* Exercise brief *
Please give the listing again in full, leaving out its images.

* Listed records *
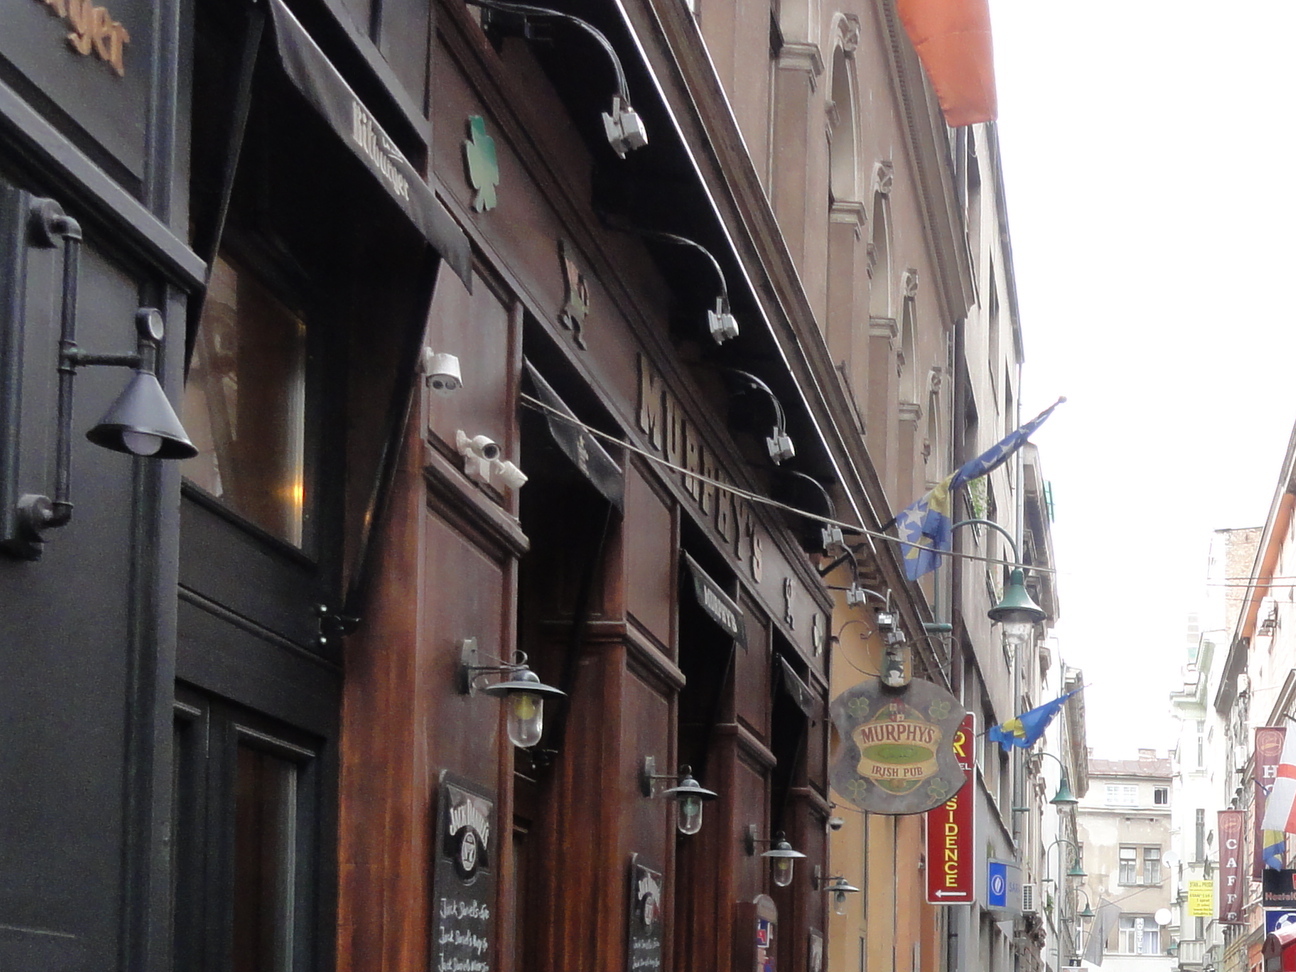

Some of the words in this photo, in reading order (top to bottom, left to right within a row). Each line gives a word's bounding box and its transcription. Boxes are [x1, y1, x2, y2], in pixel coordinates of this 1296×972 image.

[861, 723, 935, 744] MURPHYS
[871, 764, 898, 777] IRISH
[903, 766, 923, 776] PUB
[944, 797, 958, 887] SIDENCE
[1226, 838, 1238, 921] CAFFE
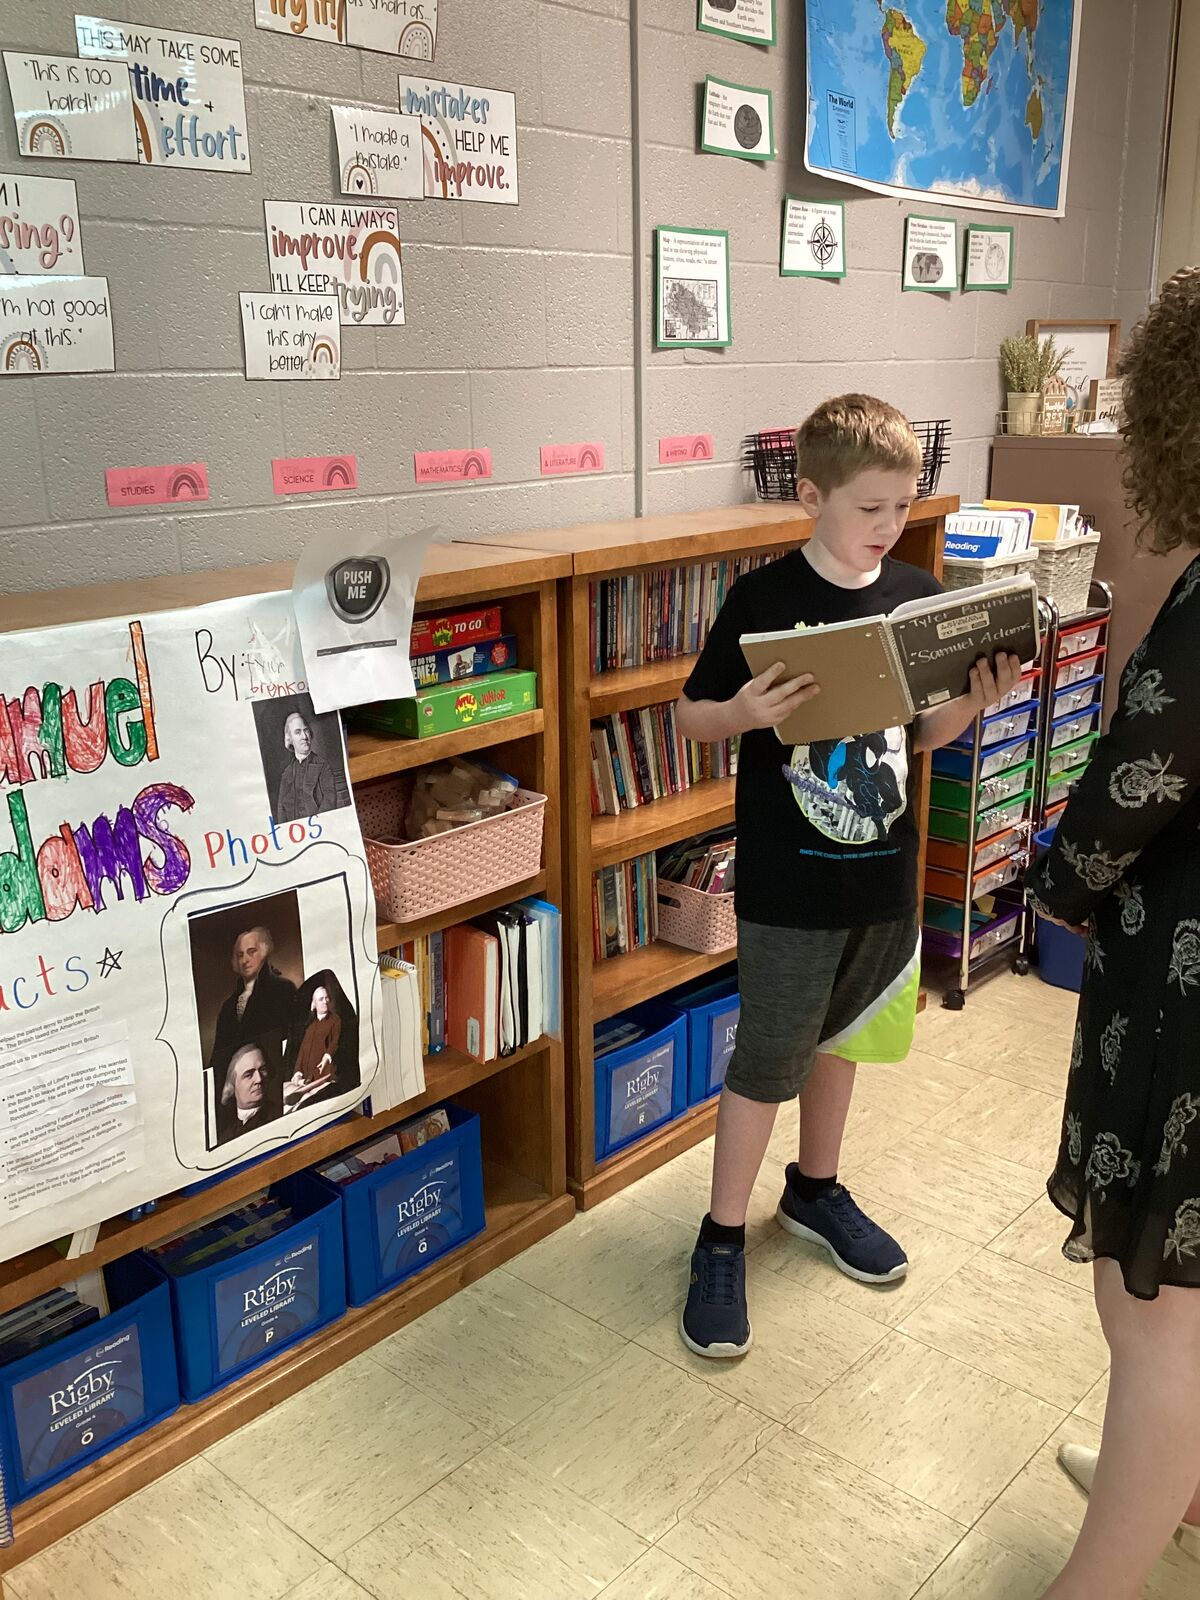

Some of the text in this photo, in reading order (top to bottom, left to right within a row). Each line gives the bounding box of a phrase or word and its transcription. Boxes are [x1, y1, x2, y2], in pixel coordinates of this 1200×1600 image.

[78, 26, 240, 68] THIS MAY TAKE SOME
[66, 65, 79, 83] is
[85, 67, 112, 85] too
[129, 62, 190, 107] time
[406, 85, 489, 124] mistakes
[829, 94, 854, 109] The World
[162, 113, 246, 160] effort.
[362, 127, 398, 144] made
[401, 133, 409, 147] a
[455, 130, 510, 157] HELP ME
[434, 153, 510, 197] improve.
[300, 206, 395, 229] I CAN ALWAYS
[271, 225, 363, 271] improve.
[272, 273, 330, 292] I'LL KEEP
[26, 297, 55, 316] not
[63, 296, 108, 323] good
[259, 304, 291, 321] can't
[296, 304, 333, 322] make
[267, 329, 317, 350] this any
[269, 354, 308, 372] better
[283, 474, 315, 485] SCIENCE
[420, 465, 462, 474] MATHEMATICS
[120, 485, 156, 497] STUDIES
[945, 540, 979, 552] Reading
[343, 570, 373, 586] PUSH
[347, 585, 367, 600] ME
[454, 622, 466, 634] TO
[468, 619, 482, 631] GO
[411, 663, 436, 680] EME?
[480, 688, 506, 707] JUNIOR
[204, 814, 323, 869] Photos
[627, 1071, 660, 1097] Rigby
[624, 1097, 642, 1110] LEVELED
[642, 1088, 659, 1101] LIBRARY
[397, 1188, 441, 1223] Rigby
[396, 1207, 442, 1238] LEVELED LIBRARY
[418, 1241, 428, 1253] Q
[243, 1275, 297, 1312] Rigby
[241, 1295, 296, 1328] LEVELED LIBRARY
[265, 1331, 274, 1343] P
[48, 1368, 115, 1416] Rigby
[50, 1390, 116, 1432] LEVELED LIBRARY
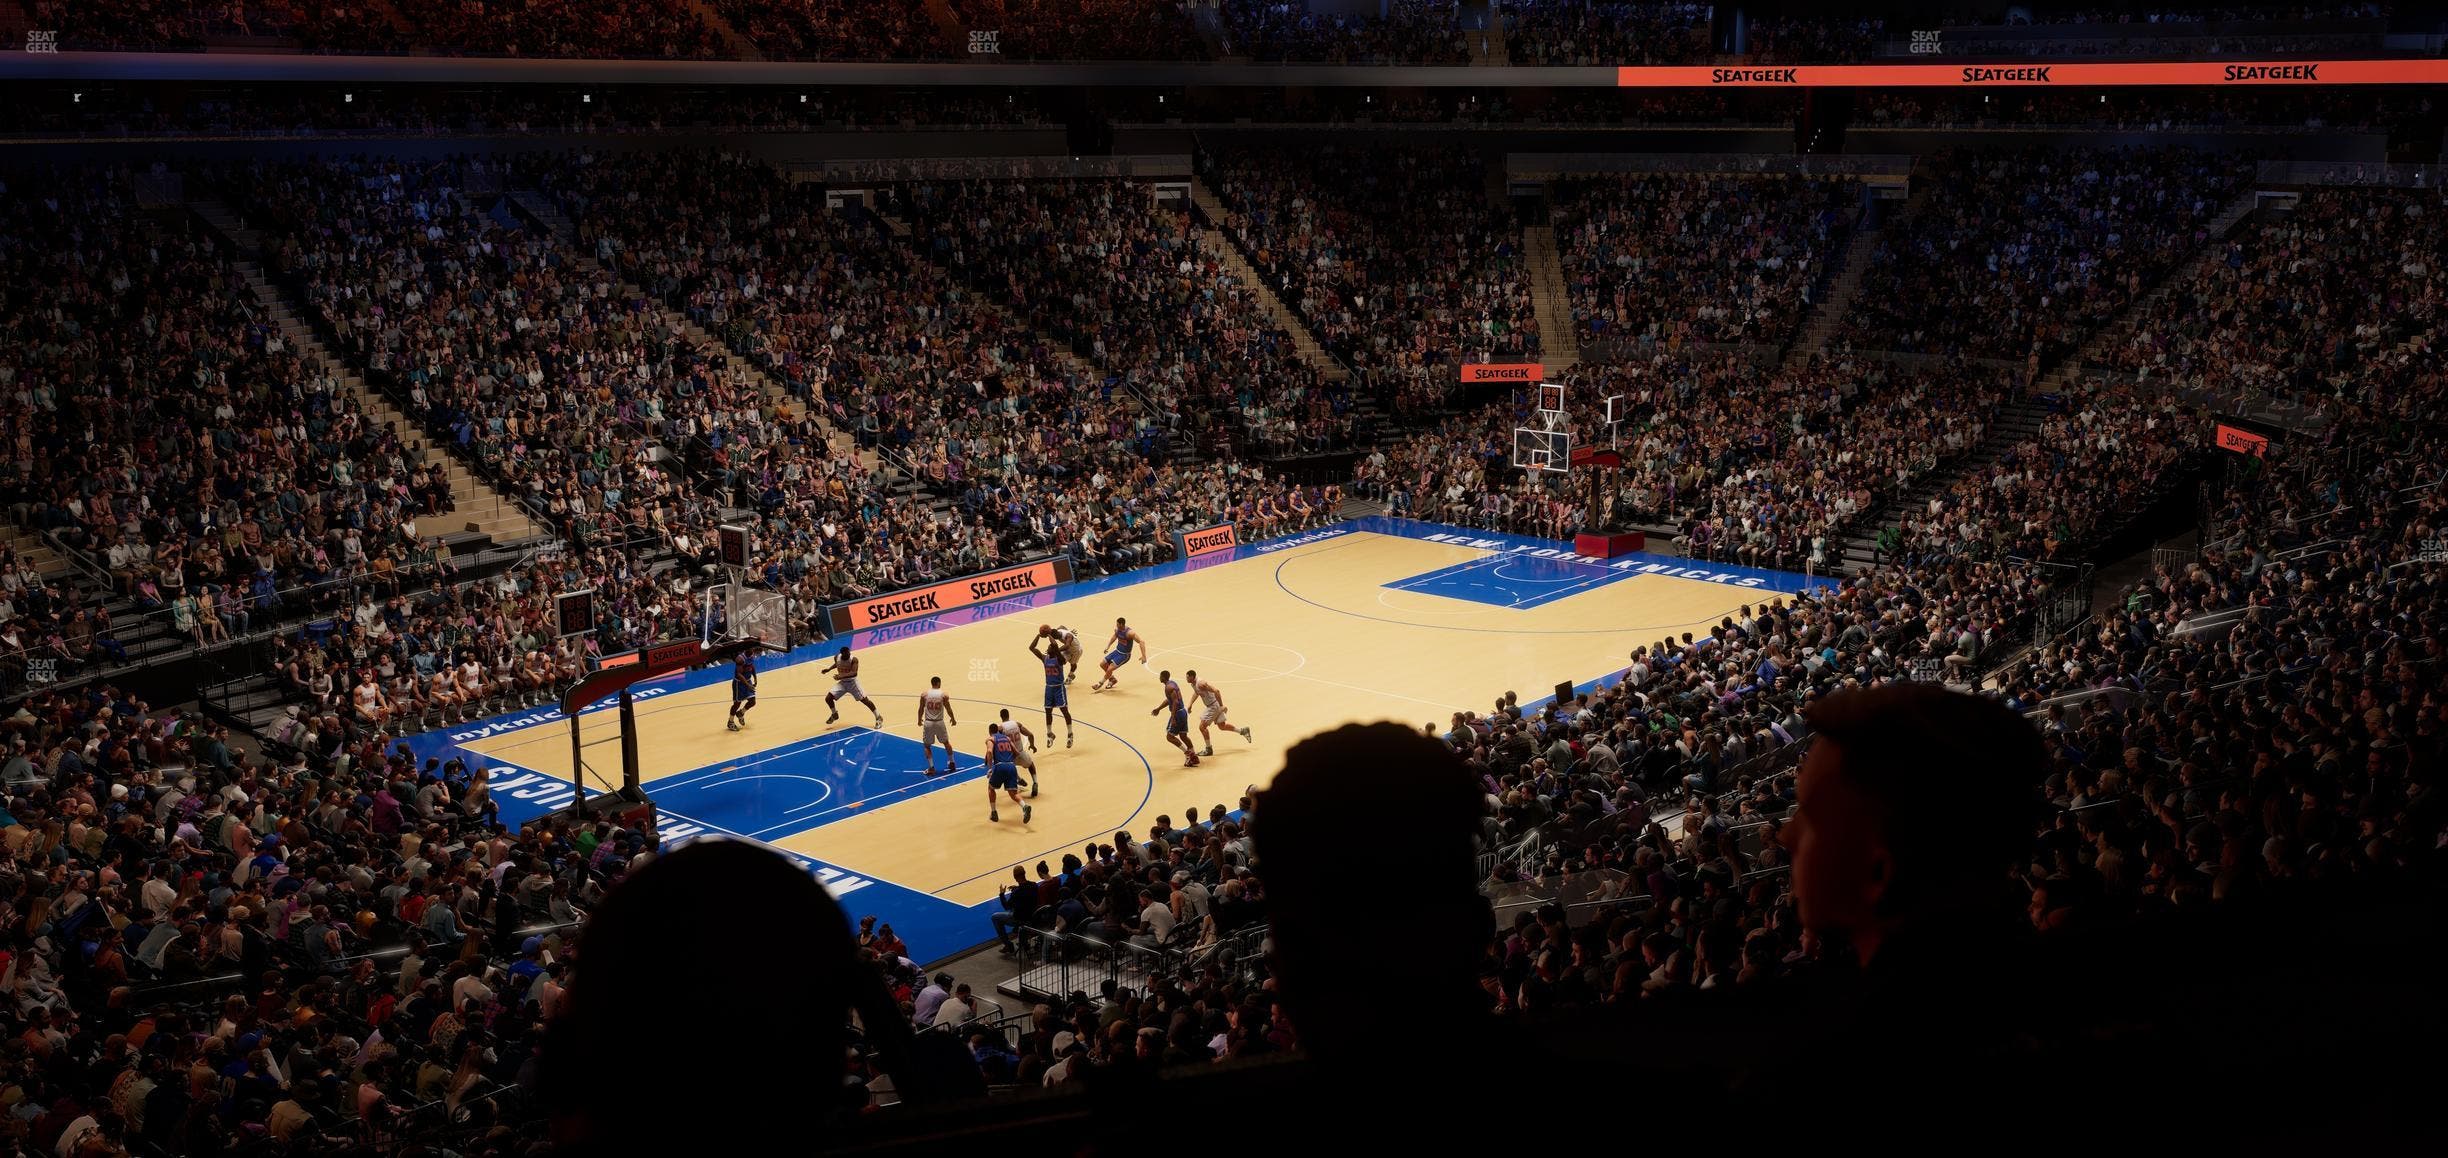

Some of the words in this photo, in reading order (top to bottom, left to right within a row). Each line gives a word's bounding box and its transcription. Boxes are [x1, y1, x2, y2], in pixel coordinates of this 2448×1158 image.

* Output for this exercise *
Some of the words in this photo, in reading order (top to bottom, left to right within a row). Each line gives a word's bounding box and its transcription. Boxes are [x1, y1, x2, y2], in pixel coordinates of this 1296×972 image.

[861, 723, 935, 744] MURPHYS
[871, 764, 898, 777] IRISH
[903, 766, 923, 776] PUB
[944, 797, 958, 887] SIDENCE
[1226, 838, 1238, 921] CAFFE

Some of the text in this photo, in reading order (top to bottom, left to right within a row). Each line gives the bounding box of a phrase or word and its transcription. Boxes are [x1, y1, x2, y2], in pixel coordinates of this 1200×1600 image.

[78, 26, 240, 68] THIS MAY TAKE SOME
[66, 65, 79, 83] is
[85, 67, 112, 85] too
[129, 62, 190, 107] time
[406, 85, 489, 124] mistakes
[829, 94, 854, 109] The World
[162, 113, 246, 160] effort.
[362, 127, 398, 144] made
[401, 133, 409, 147] a
[455, 130, 510, 157] HELP ME
[434, 153, 510, 197] improve.
[300, 206, 395, 229] I CAN ALWAYS
[271, 225, 363, 271] improve.
[272, 273, 330, 292] I'LL KEEP
[26, 297, 55, 316] not
[63, 296, 108, 323] good
[259, 304, 291, 321] can't
[296, 304, 333, 322] make
[267, 329, 317, 350] this any
[269, 354, 308, 372] better
[283, 474, 315, 485] SCIENCE
[420, 465, 462, 474] MATHEMATICS
[120, 485, 156, 497] STUDIES
[945, 540, 979, 552] Reading
[343, 570, 373, 586] PUSH
[347, 585, 367, 600] ME
[454, 622, 466, 634] TO
[468, 619, 482, 631] GO
[411, 663, 436, 680] EME?
[480, 688, 506, 707] JUNIOR
[204, 814, 323, 869] Photos
[627, 1071, 660, 1097] Rigby
[624, 1097, 642, 1110] LEVELED
[642, 1088, 659, 1101] LIBRARY
[397, 1188, 441, 1223] Rigby
[396, 1207, 442, 1238] LEVELED LIBRARY
[418, 1241, 428, 1253] Q
[243, 1275, 297, 1312] Rigby
[241, 1295, 296, 1328] LEVELED LIBRARY
[265, 1331, 274, 1343] P
[48, 1368, 115, 1416] Rigby
[50, 1390, 116, 1432] LEVELED LIBRARY

Some of the words in this photo, in reading order (top to bottom, left to right within a row). Each line gives a word's bounding box and its transcription. Boxes are [x1, y1, x2, y2], in pixel coordinates of this 2448×1158 image.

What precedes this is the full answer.